We also used XGBoost to delineate the most important features. The features nearest the top of the tree are more important than those near the bottom. We ran multiple trees with multiple combinations of variables to see which ones repeatedly showed up at the top of the tree, despite being paired with other variables.

Models

After our data was clean, we began trying different models to see what was most effective and gave the best results.

Linear Regression Model

We decided to start with a naive linear regression. Despite knowing that a linear model could probably not correctly learn this large, complex, real-world data set, linear regression is a powerful algorithm that could at least learn relative feature importance. We used two types of linear regression: (1) standard regression without weight decay, and (2) lasso regression (using L2 penalty). Lasso regression has a an L1 weight decay penalty, and thus tends to push irrelevant features’ coefficients to 0. The results of the two linear regression models are as follows:

	Test Set Loss
Standard Linear Regression (SR)	0.82
Lasso Regression (LR)	0.89

The following table shows the coefficient values learned for each feature in the two regression models:

	`b2c_c2c`	`shipping_fee`	`carrier_min_estimate`	`carrier_max_estimate`
SR	0.2635	0.0030	0.2217	0.4032
LR	0.0	0.0	0.0	0.0

	`category_id`	`item_price`	`quantity`	`weight`
SR	0.0183	-0.0001	0.003	-9.5e-06
LR	0.005	0.0001	0	1.9e-06

Standard linear regression suggests that carrier_max_estimate, carrier_min_estimate, and b2c_c2c are the most important features. It also learned that shipping_fee and quantity are of minimal, but non-zero importance. The remainder of the features are found to have no importance. However, these models do not perform well relative to the benchmark random classifier loss provided by eBay: 0.75 (the weighted average absolute error of the delivery predictions in days). The models only performed better than a random classifier by 0.07 and 0.14 respectively.

Fully Connected Model

We additionally created a fully connected model with 7 hidden layers, each activated using ReLU. With eBay’s criterion and the Adam optimizer, the model performed the best with a learning rate of 0.0001 and a batch size of 256.

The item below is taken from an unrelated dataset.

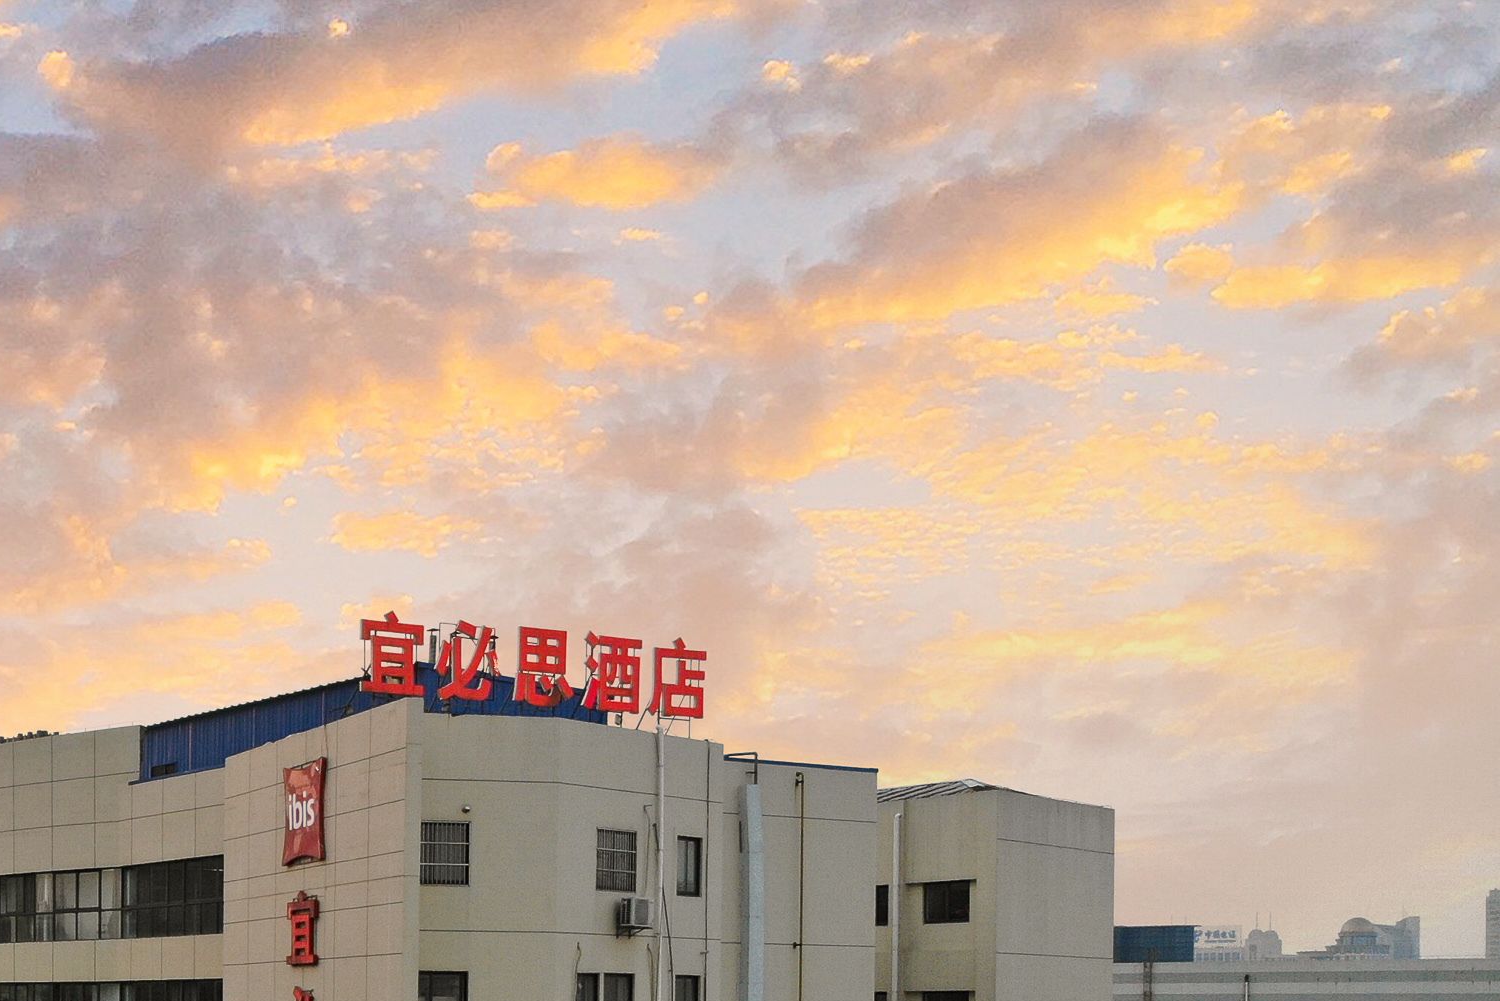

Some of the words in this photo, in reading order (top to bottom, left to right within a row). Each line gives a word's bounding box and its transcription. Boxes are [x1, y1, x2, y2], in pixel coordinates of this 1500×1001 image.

[359, 611, 707, 718] 宜必思酒店
[286, 793, 315, 831] ibis

After 125 epochs over about 11,000,000 training and 3,000,000 validation examples, the model achieved a loss of 0.411 given the input features:

b2c_c2c
carrier_min_estimate
carrier_max_estimate
weight
zip_distance
handling_days

image of shipping process

To tune each hyperparameter, we trained the model on 150,000 examples over 100 epochs multiple times and compared its losses, adjusting only the hyperparameter that was being tuned and holding all others constant.

Learning Rate	Loss
0.001	0.470
0.0001	0.533
0.00001	0.692

While the run with a learning rate of 0.001 reached the lowest loss, it oscillated for the last 10 epochs, suggesting it would converge too quickly for the final model which would train over more epochs and on significantly more data per epoch. Conversely, the run with a learning rate of 0.00001 spent its last 10 epochs with a stable loss no greater than 0.693, suggesting it reached a local minimum or simply learned at an extremely slow speed. As a result, we chose a learning rate of 0.0001 as, while its run did not reach the lowest loss, it spent its last 10 epochs steadily decreasing in loss, suggesting it might converge at a lower loss after more epochs and with more data than it would with a higher learning rate.

Batch Size	Loss
16	0.698
32	0.451
64	0.452
128	0.457
256	0.459
512	0.499

We initially chose a batch size of 32 as its run reached the lowest loss. However, the resultant model was extremely slow to train on the full dataset at over 2 hours per epoch. Consequently, we chose a batch size of 256 as the loss achieved during its run was only marginally higher than the loss achieved by the run with a batch size of 32, while requiring significantly fewer computations per epoch.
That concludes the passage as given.